Troubleshooting etcd snapshot restore blocked by webhook configurations

Article Number: 000021977

Environment

Rancher v2.x
A Rancher-provisioned or standalone RKE2 or K3s cluster
Policy Engines/Webhooks: Kyverno, Kubewarden, OPA Gatekeeper, NeuVector, etc.

Situation

When attempting to restore an etcd snapshot on an RKE2 or K3s cluster, the restoration process fails to complete or enters an infinite loop.

Symptoms may include:

The Rancher UI showing the cluster in a perpetual "Restoring" or "Updating" state.
kubelet or kube-apiserver logs showing timeouts or connection refused errors when attempting to contact webhooks.

Cause

This issue occurs due to a circular dependency (deadlock) involving ValidatingWebhookConfiguration or MutatingWebhookConfiguration resources:

During a restore, after the etcd state itself is restored, the kubelet and kube-apiserver are started and begin reconciling Pods and the other cluster resources stored in the snapshot.
If the snapshot includes webhook configurations, the kubelet/kube-apiserver attempts to send validation/mutation requests to the associated webhook Pods (e.g., Kyverno or Gatekeeper).
However, those pods have not yet been started or reached a "Ready" state because the cluster restoration is still in progress. This is particularly the case, in the event of a Disaster Recovery (DR) restore, in which the cluster is started from scratch.
The kubelet or kube-apiserver server, unable to reach the webhook, denies the creation of required system resources (based on the webhook's failurePolicy), effectively blocking the cluster from ever reaching a healthy state.

Resolution

To resolve this, you must temporarily remove the webhook configurations during the restore process so that the kubelet and kube-apiserver can successfully initialize the cluster components, without being blocked.

1. Prepare Environment

Access the control plane (server) node via SSH where the restore is being performed and configure the environment:

RKE2:

export KUBECONFIG=/etc/rancher/rke2/rke2.yaml
alias kubectl=/var/lib/rancher/rke2/bin/kubectl

K3s:

No action required to configure kubectl.

2. Backup Existing Webhook Configurations

Before the restore reaches the blocking stage, or immediately upon starting, capture the current configurations to a local directory:

kubectl get validatingwebhookconfiguration -o yaml > all-validating.yaml
kubectl get mutatingwebhookconfiguration -o yaml > all-mutating.yaml

3. Clear Webhooks During Restore

While it is possible to delete all webhooks to ensure the restore completes, a Targeted Deletion is safer as it preserves system-critical webhooks while removing the blocking third-party policy engines.

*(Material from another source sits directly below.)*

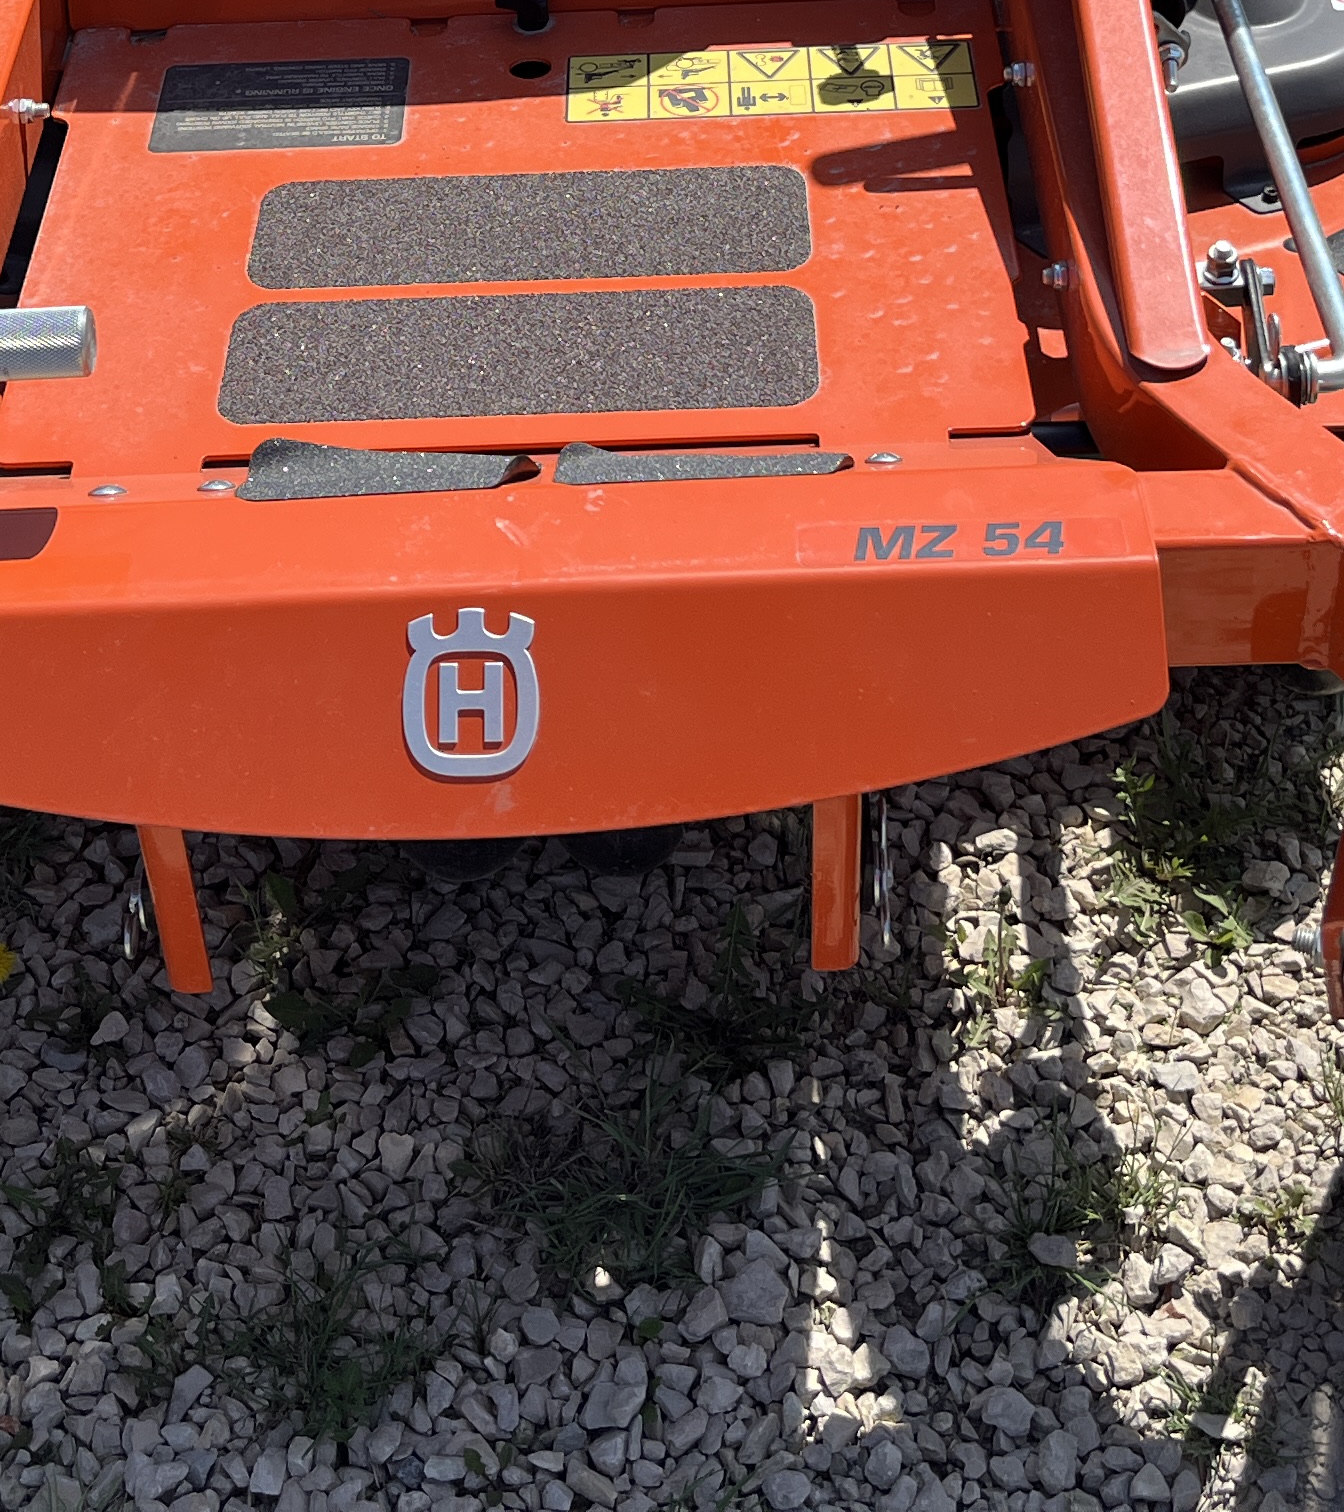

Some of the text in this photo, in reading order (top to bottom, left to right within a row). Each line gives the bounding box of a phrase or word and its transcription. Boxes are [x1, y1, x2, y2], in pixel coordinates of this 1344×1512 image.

Identifying the Blocking Webhooks

Check the kubelet and kube-apiserver logs on the server nodes for "failed calling webhook" or "connection refused" errors to identify which specific webhook configurations are causing the deadlock.

DistributionComponentLog Location / CommandRKE2kube-apiserverkubectl logs -n kube-system -l component=kube-apiserver -fRKE2kubelet/var/lib/rancher/rke2/agent/logs/kubelet.logK3scombinedjournalctl -u k3s -f

Option A: Targeted Deletion (Recommended)

Modify the script below by replacing the placeholder names in the TARGET_WEBHOOKS array with the specific webhooks identified from your logs:

#!/bin/bash
# Add specific webhook names here (e.g., "kyverno-resource-validating-webhook-configuration")
TARGET_WEBHOOKS=("webhook-name-1" "webhook-name-2")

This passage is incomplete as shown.